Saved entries
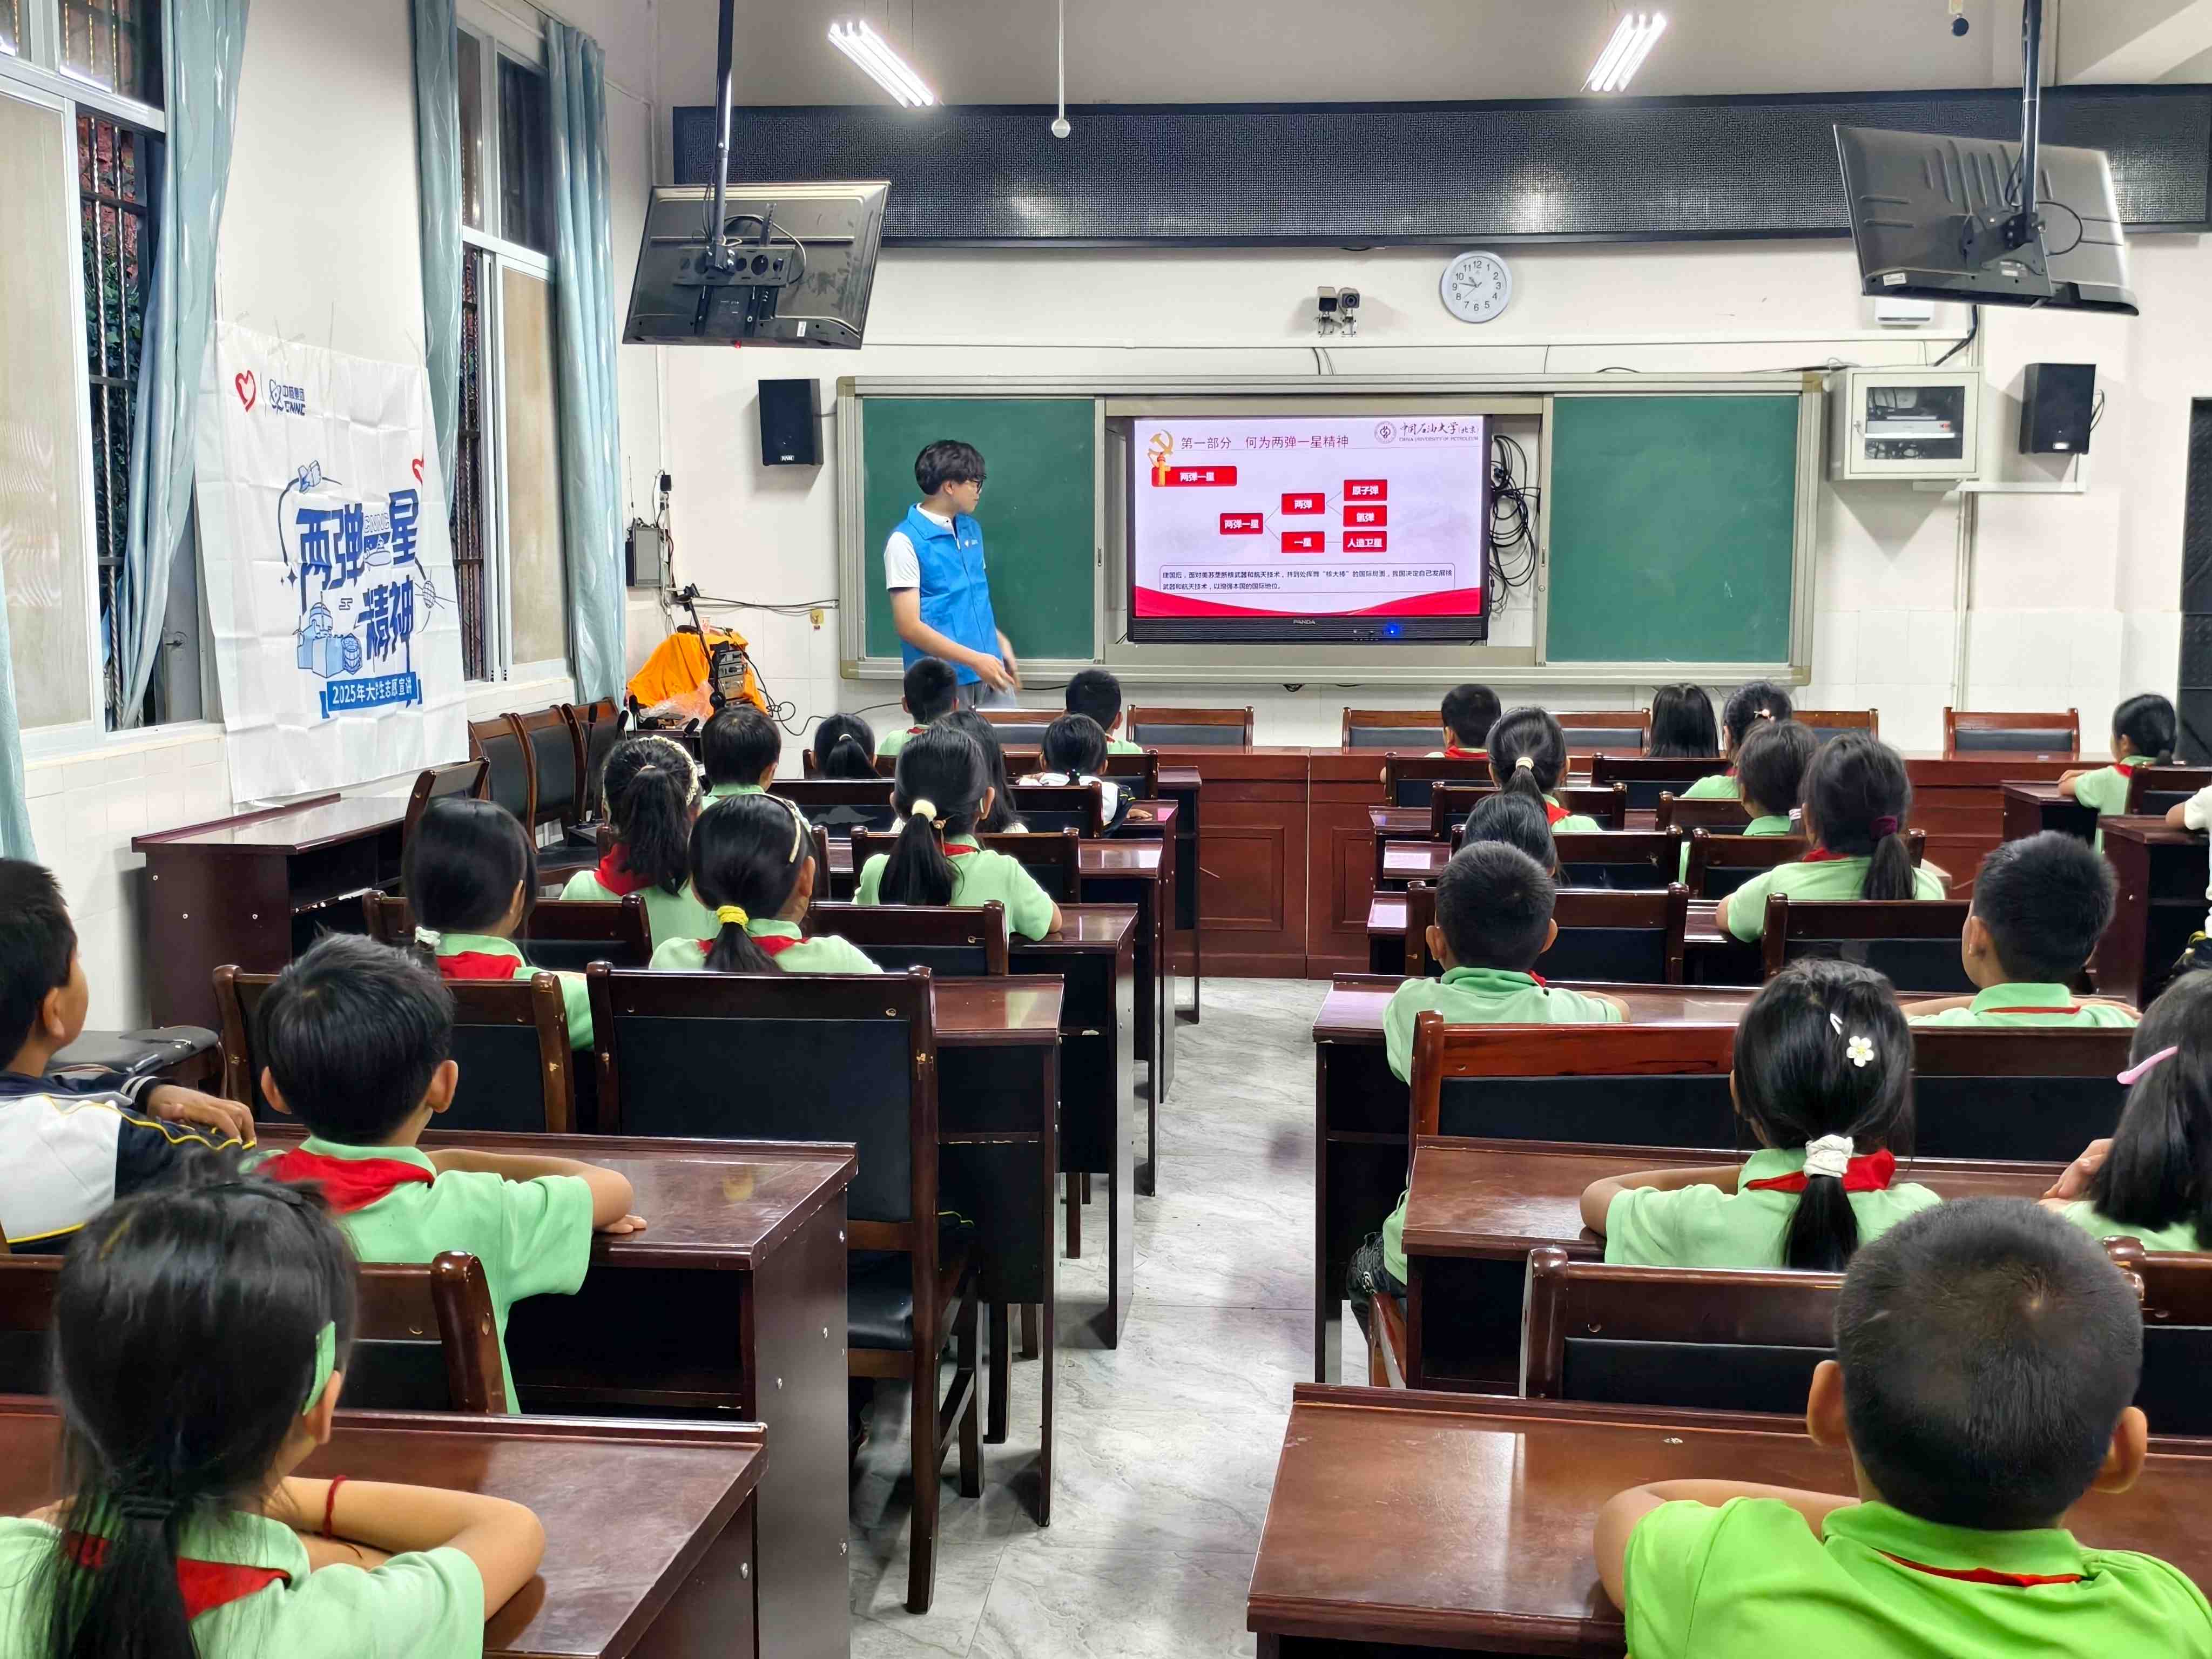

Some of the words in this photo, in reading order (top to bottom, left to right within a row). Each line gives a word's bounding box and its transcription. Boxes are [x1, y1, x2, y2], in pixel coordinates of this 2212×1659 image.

[1464, 264, 1471, 272] 11
[1473, 260, 1482, 268] 12
[284, 400, 306, 416] CNNC
[1181, 436, 1232, 450] 第一部分
[1245, 435, 1349, 449] 何为两弹一星精神
[1179, 471, 1215, 482] 两弹一星
[1352, 485, 1379, 496] 原子弹
[1294, 499, 1313, 509] 两弹
[363, 513, 390, 534] CNNC
[1224, 519, 1260, 530] 两弹一星
[1294, 538, 1312, 548] 一星
[296, 489, 419, 616] 两弹一星
[354, 574, 414, 675] 精神

* [WHAT TO WORK ON] Could every record be given again exactly, with its pictures left out?

* [SOLUTION TO THIS PROBLEM]
Some of the words in this photo, in reading order (top to bottom, left to right within a row). Each line gives a word's bounding box and its transcription. Boxes are [x1, y1, x2, y2], in pixel coordinates of this 2212×1659 image.

[1464, 264, 1471, 272] 11
[1473, 260, 1482, 268] 12
[284, 400, 306, 416] CNNC
[1181, 436, 1232, 450] 第一部分
[1245, 435, 1349, 449] 何为两弹一星精神
[1179, 471, 1215, 482] 两弹一星
[1352, 485, 1379, 496] 原子弹
[1294, 499, 1313, 509] 两弹
[363, 513, 390, 534] CNNC
[1224, 519, 1260, 530] 两弹一星
[1294, 538, 1312, 548] 一星
[296, 489, 419, 616] 两弹一星
[354, 574, 414, 675] 精神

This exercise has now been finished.